It is fitting that – as the Winterval myth was started by a Bishop – that fellow bishops would still be spreading it 13 years later. As we all know, it was never an attack on the church and was purposely secular in tone to avoid church leaders moaning that Christmas was being stretched beyond breaking point for commercial gain.
Back to the nationals and this time the respectable Times, which featured an article by Rosemary Bennett who made the claim that:
British politeness and respect for others’ feelings conspired with more left-wing notions of shame for the country’s colonial past and a rejection of its traditional values. Schoolchildren performed non-religious Christmas plays and local authorities threw Winterval festivals. [3]
All fairly standard stuff, until you include the very next line of the article:
Support for some form of multiculturalism might have continued for quite some time were it not for the 7/7 attacks.
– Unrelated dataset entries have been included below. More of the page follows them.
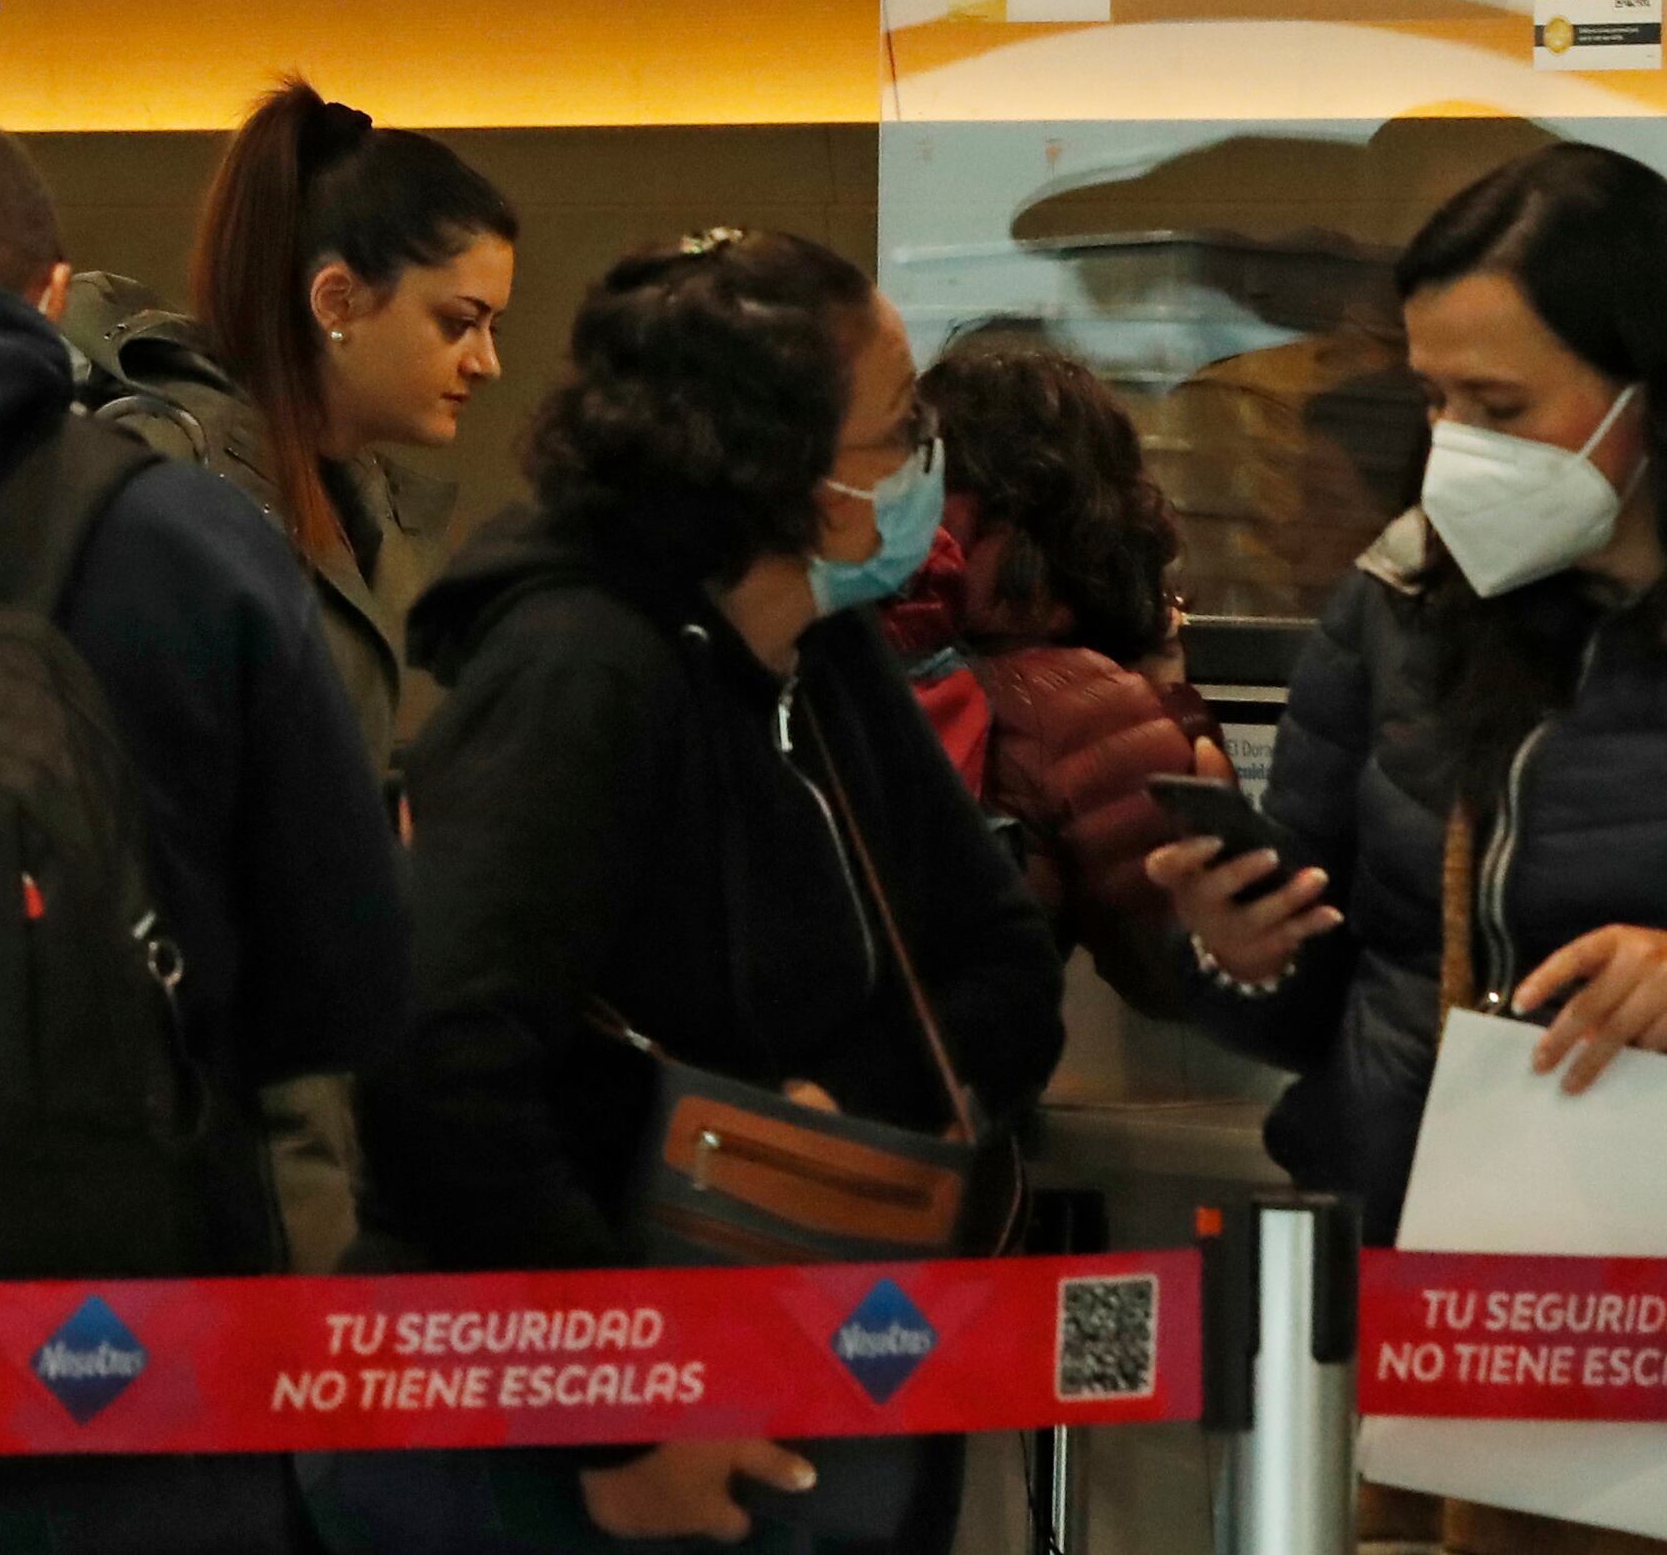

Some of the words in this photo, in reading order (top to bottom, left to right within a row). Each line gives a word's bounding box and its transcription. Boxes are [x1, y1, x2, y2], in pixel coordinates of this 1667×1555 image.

[1424, 1290, 1475, 1328] TU
[327, 1314, 386, 1354] TU
[397, 1309, 662, 1354] SEGURIDAD
[274, 1372, 345, 1408] NO
[362, 1367, 491, 1407] TIENE
[499, 1362, 703, 1406] ESCALAS
[1379, 1344, 1444, 1380] NO
[1456, 1344, 1574, 1383] TIENE
[1584, 1348, 1667, 1385] ESC
One of the most unpleasant claims that the Winterval myth has been linked to in my opinion. Nonetheless The Sun’s vile letter page can always be relied upon to outdo anyone in terms of sheer ignorance. This letter sent in April is just one example:
THE Sun’s Anila Baig states that the best thing about Britain is the freedom of choice and freedom of speech. Yet we have seen our nursery rhymes banned and Christmas and Christmas plays re-named (winterval, nativity plays) and the loss of certain words if they contain the word black.
At the same time Islamic and other ethnic religions are taught in our schools as well as the alphabet in Punjabi.
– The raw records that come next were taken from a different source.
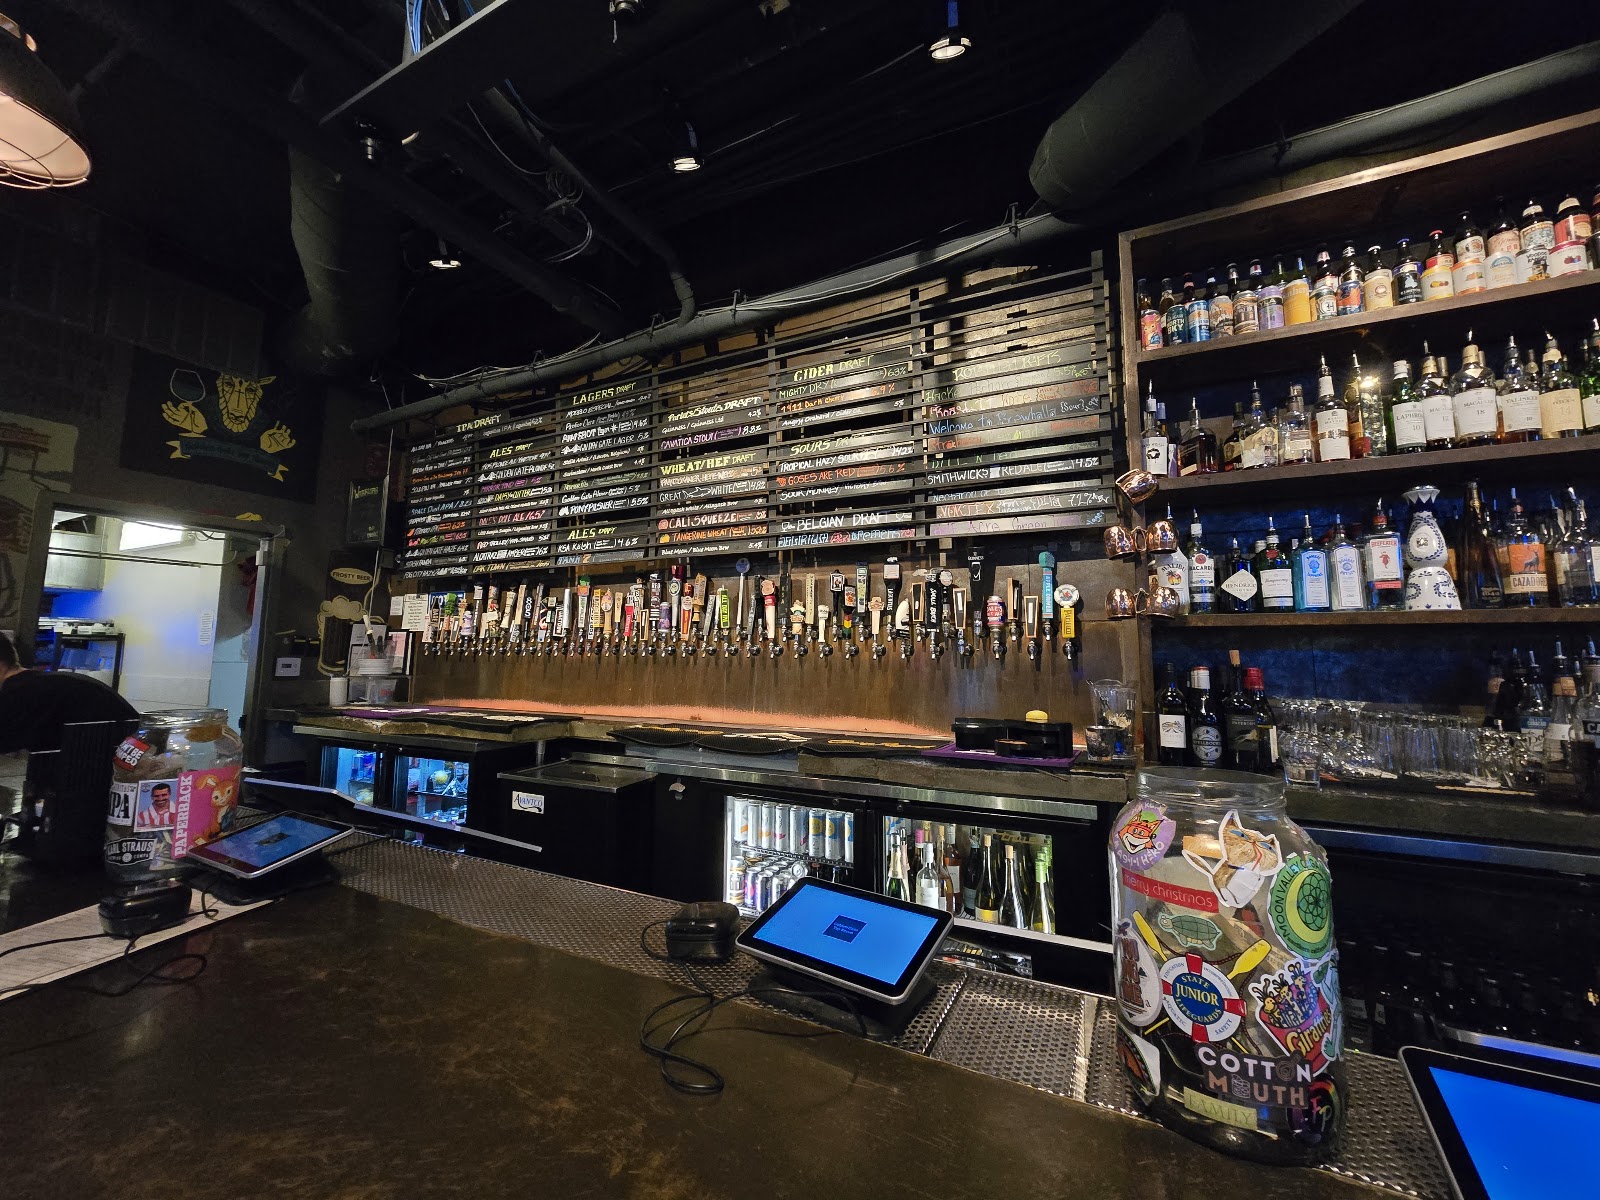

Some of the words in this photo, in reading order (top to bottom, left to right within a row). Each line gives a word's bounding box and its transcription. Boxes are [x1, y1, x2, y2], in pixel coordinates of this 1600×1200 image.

[793, 363, 834, 381] CIDER
[839, 354, 874, 371] DRAFT
[572, 388, 614, 405] LAGERS
[615, 382, 636, 394] DRAFT
[779, 386, 807, 398] MIGHTY
[809, 381, 829, 393] DRY
[724, 397, 761, 410] DRAFT
[474, 414, 501, 428] DRAFT
[489, 446, 513, 458] ALES
[790, 439, 831, 455] SOURS
[732, 453, 756, 464] DRAFT
[779, 460, 814, 473] TROPICAL
[816, 455, 838, 466] HAZY
[788, 473, 817, 485] GOSES
[819, 470, 832, 480] ARE
[835, 467, 856, 479] RED
[660, 491, 681, 502] GREAT
[710, 484, 734, 496] WHITE
[668, 518, 690, 529] CALI
[691, 513, 737, 526] SQUEEZE
[797, 515, 844, 531] BELGIAN
[567, 527, 596, 540] ALES
[672, 530, 706, 542] TANGERINE
[707, 528, 729, 537] WHEAT
[557, 544, 570, 553] KSA
[332, 571, 355, 579] FROSTY
[174, 774, 193, 857] PAPERBACK
[1277, 861, 1299, 893] VALLEY
[1124, 875, 1150, 895] merry
[1153, 884, 1213, 908] christmas
[1275, 896, 1290, 938] MOON
[1181, 975, 1210, 989] STATE
[1176, 983, 1220, 1006] JUNIOR
[1163, 996, 1187, 1027] AQUATIC
[1176, 998, 1222, 1023] LIFEGUARDS
[1214, 1018, 1233, 1036] SAFETY
VINCE DAY Crawley, W Sussex [4]
A perfect example of how media myths distort public perception and understanding (if, that is, the letter wasn’t a plant written by the newspaper’s own writers).
Back to the locals and this time The Chronicle in Chester provided this rant about ‘diversity’ and ‘political correctness’ by Bob Clough Parker who claims that:
This kind of attitude is all at one with towns that have ‘Winterval’ celebrations, businesses that ban Christmas trees, shopping centres that say No to a Salvation Army Band and schools that decide not to have a Nativity play. [5]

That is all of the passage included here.